Unica Zürn a eu une vie compliquée, c'est le moins que l'on puisse en dire. Née en 1916 à Berlin-Grünewald, un des quartiers Ouest de Berlin. Viol par son frère et divorce de ses parents, de quoi la marquer à jamais. Mais en 1953, elle rencontre
Hans Bellmer et le suit à Paris, où elle va rencontrer les surréalistes. Retour à Berlin pour une interruption de grossesse, souvenirs et séjour en hôpitaux psychiatriques. Ce sera en partie le thème de «
L'Homme Jasmin » sous-titré « Impressions d'une malade » «
L'Homme Jasmin » traduit par
Ruth Henry et
Robert Valançay (1999, L'Imaginaire #409, 280 p.). Avec «
Sombre Printemps » traduit par
Ruth Henry et
Robert Valancay (2003, Serpent à Plumes, 180 p.) et «
Vacances à Maison Blanche » traduit par
Ruth Henry (2000, Editions
Joëlle Losfeld, 191 p.), ces trois livres représentent l'essentiel des écrits de
Unica Zürn.
« MistAKE » est suivi par « Remarques d'un observateur » et « Extrait des pages d'enfants », avant des extraits de « L'Homme-Poubelle » et de « La libération de l'espérance c'est la libération totale ». Ces textes datent des alentours de 1964, alors que Unica voyage en avion entre Paris et Berlin pour y subir un avortement. « Sans ventre, elle fait la naissance d'une ville ». L'emploi de la troisième personne pour la qualifier est courant chez elle. « Tout le mond dans l'avion la regarde, mais elle est trop occuper avec l'accouchement de sa ville, qu'elle regard personne » (les erreurs et l'orthographe sont transcrites du texte). « Tout le mond » fait allusion, soit au reste des passagers, soit à la lune (der Mond en allemand, le genre étant masculin, et Die Sonne pour le soleil, au féminin). Elle, est concentrée sur son accouchement futur et « elle écoute : tout ce qui passe par l'oreille devient plus vraie que les expériences par les yeux ». Les sons plus forts que la vue, ou la vision moins forte que l'impression, à la base du surréalisme.

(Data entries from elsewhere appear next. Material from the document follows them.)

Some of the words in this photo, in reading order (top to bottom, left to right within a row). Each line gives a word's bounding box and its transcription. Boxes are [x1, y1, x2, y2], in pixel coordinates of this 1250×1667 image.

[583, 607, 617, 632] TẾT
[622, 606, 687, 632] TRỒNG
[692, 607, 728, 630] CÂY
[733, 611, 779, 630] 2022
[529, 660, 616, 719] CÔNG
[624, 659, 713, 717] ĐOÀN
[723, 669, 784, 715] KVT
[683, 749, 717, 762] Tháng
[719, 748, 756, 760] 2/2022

« S'il n'y a pas des témoins, personne le croire », toujours l'art défini comme une sensation. Et tout cela « dans l'avion tout noire avec un petit cercle blanc », en contraste avec un « avion tout blanc avec un petit cercle noir » anagramme entre l'avion et le cercle. Tout comme elle termine son texte par « L'homme qui s'appelle amour » suivi par « l'image de l'amour » ou « l'idiome de l'amour ».

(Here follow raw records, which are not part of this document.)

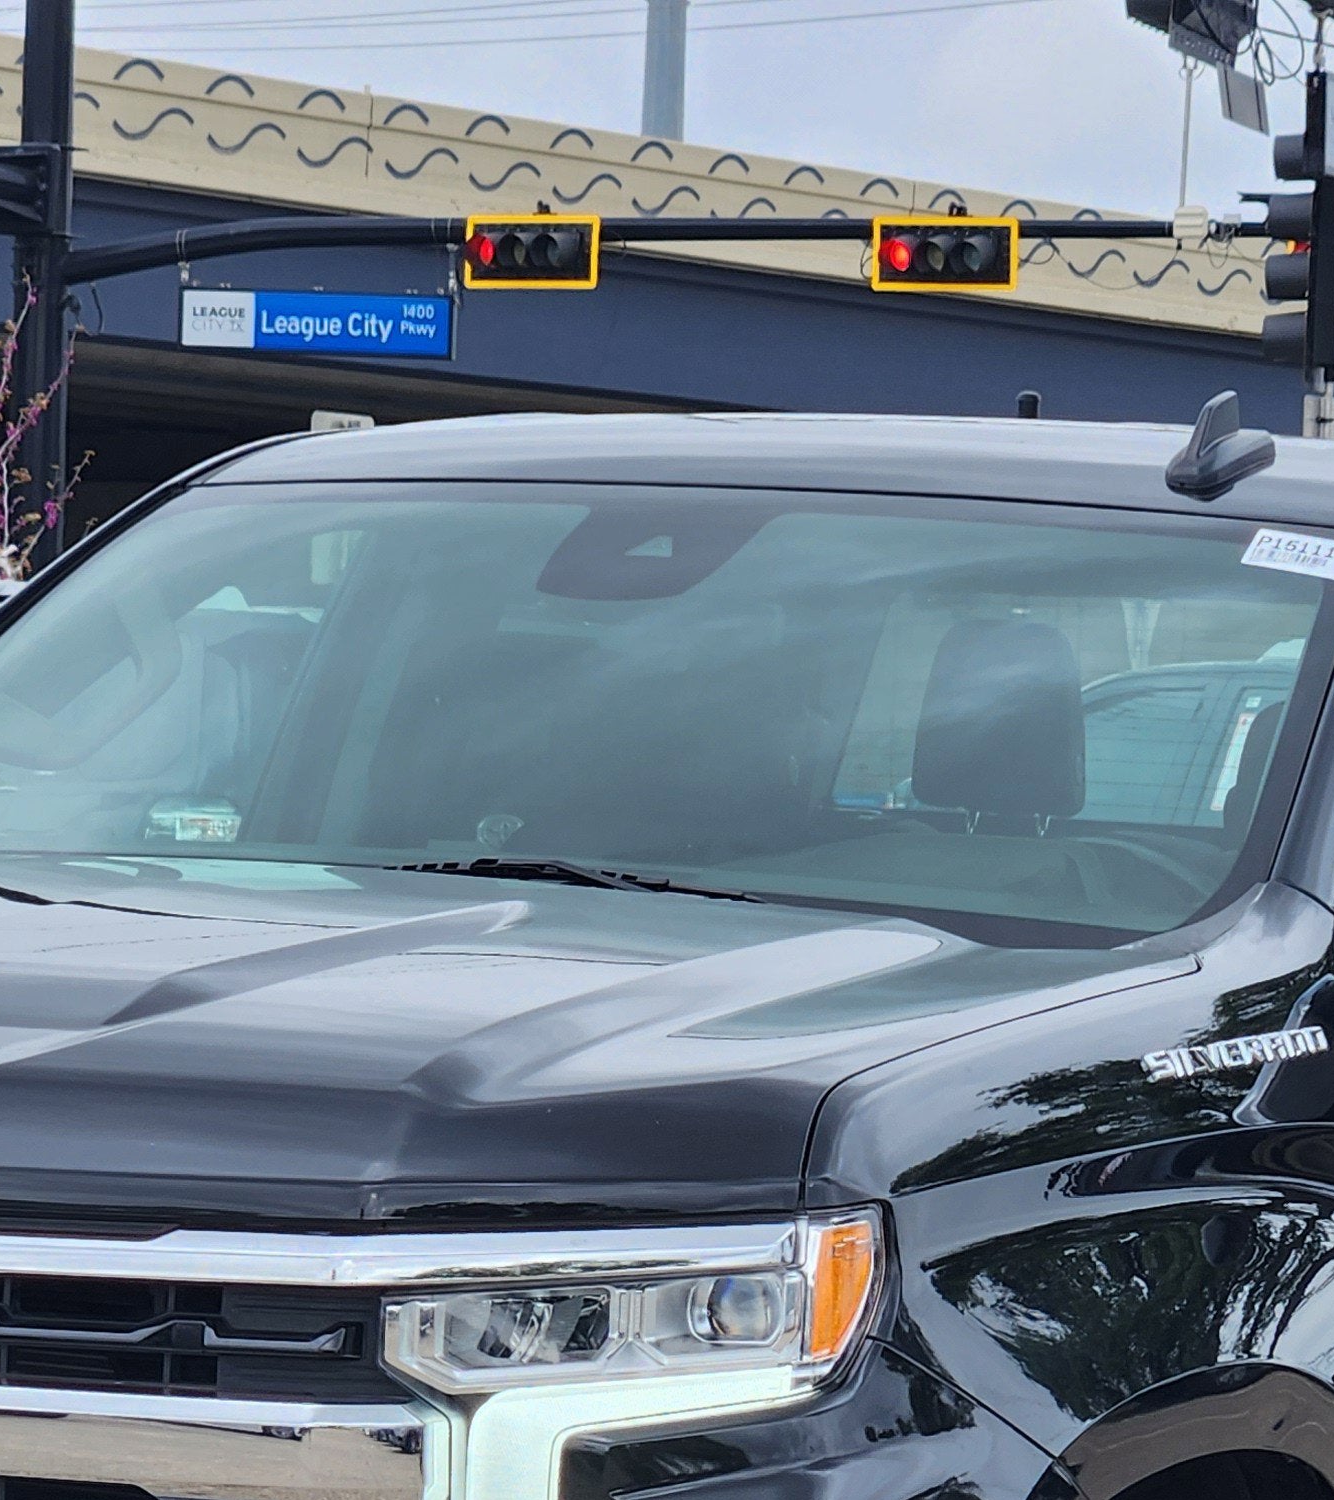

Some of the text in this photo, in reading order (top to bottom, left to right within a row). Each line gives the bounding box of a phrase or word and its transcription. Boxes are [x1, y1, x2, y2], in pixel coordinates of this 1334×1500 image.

[192, 305, 246, 319] LEAGUE
[402, 303, 435, 320] 1400
[191, 318, 223, 332] CITY
[260, 309, 394, 343] League City
[400, 320, 437, 339] Pkwy
[1140, 1025, 1330, 1084] SILVERADO

Et elle voyage dans son avion noir alors que tout autour, tout est blanc. « Elle reste dans le port-manteau-prison ». Elle reste, prisonnière de sa folie qui diffère de « l'hypnose par l'espace libre ». L'enfermement opposé à la liberté. Et son obsession devient la naissance de la ville, en opposition à la guerre « Il faut qu'elle arrete cette guerre ». Mais comment faire « Elle veut quitter l'avion en plein vol ». Bien entendu, elle ne peut pas. Et l'obsession se poursuit. C'est « l'homme qui s'apelle AMOUR » et c'était quand « elle avait six ans ». « Son frère, son père, son fils, l'Homme Blanc – tous ces hommes représentent de grands déchirements, des séparations insupportables ».

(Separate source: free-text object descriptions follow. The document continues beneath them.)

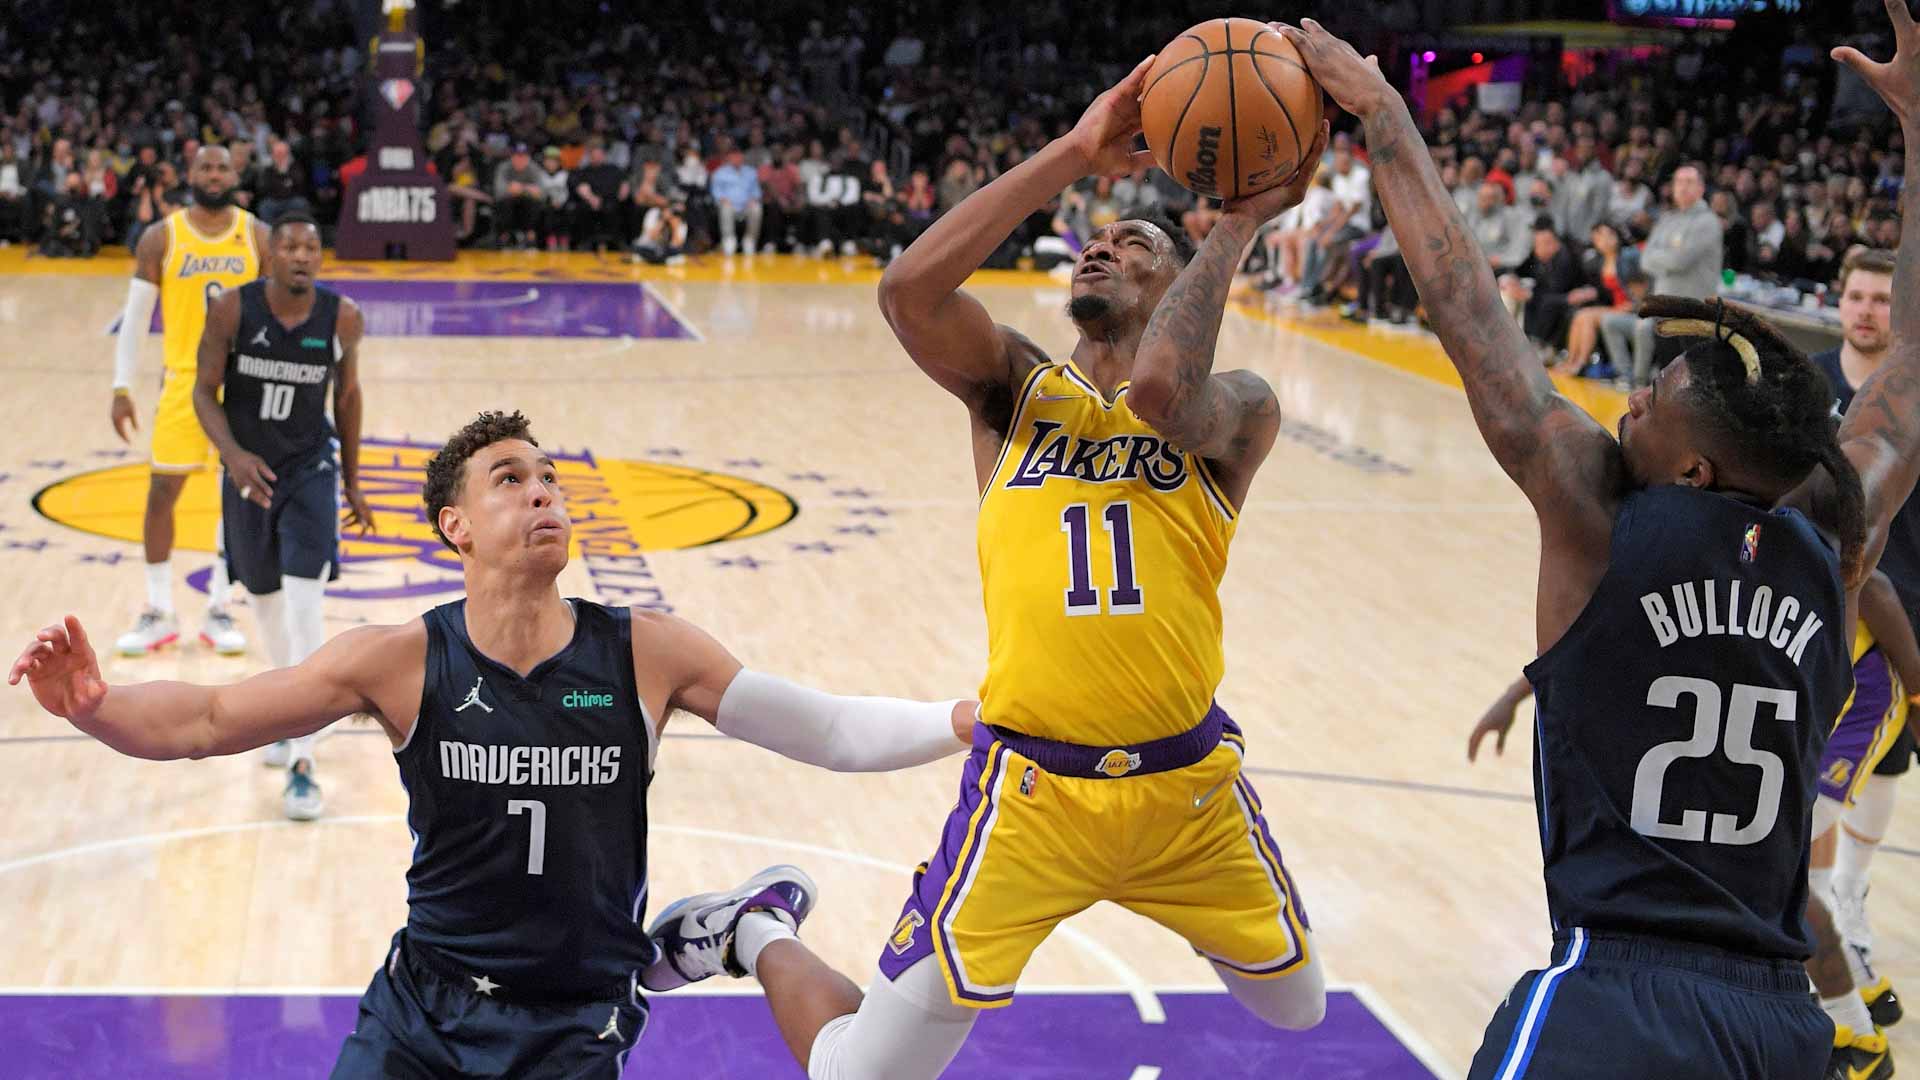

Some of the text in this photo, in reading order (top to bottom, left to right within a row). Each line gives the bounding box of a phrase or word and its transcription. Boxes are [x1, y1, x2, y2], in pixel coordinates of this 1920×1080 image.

[1186, 127, 1222, 193] ilson
[179, 254, 246, 278] LAKERS
[238, 354, 327, 384] MAVERICKS
[260, 383, 295, 420] 10
[1004, 418, 1187, 492] LAKERS
[1060, 501, 1145, 616] 11
[1640, 579, 1823, 666] BULLOCK
[562, 690, 614, 707] chime
[439, 740, 622, 785] MAVERICKS
[1630, 675, 1798, 846] 25
[507, 799, 546, 875] 7

« Extrait des pages d'enfants » souvenirs entre Magelonne ou Palavas-les flots et le bureau de tabac, dans la rue Mouffetard à Paris, où
Unica Zürn habite avec
Hans Bellmer. Avec en toile de fond la folie. Et même « la folie à quarante ans ». Et pour traitement « on mit les malades dans l'eau froide, dans de grandes baignoires psychiatriques ». Plus tard ce sera les camisoles de forces, avant de recourir aux camisoles chimiques. Les menaces à peine voilées. « Si vous ne mangez pas, on vous donnera du sérum ».
Mais « elle n'a pas le temps d'écouter ». Elle est « enceinte du monde nouveau », toujours la même obsession. Avec cependant «
L'Homme Jasmin » qui « devient présent dans un dialogue silencieux avec elle ».
Intéressant à lire, surtout en parallèle avec la dépression de
Leonora Carrington dans «
En Bas » dans le Tome II de l'« Oeuvre Ecrit » en tant que « Récits (2021-, Fage, 432, p.) .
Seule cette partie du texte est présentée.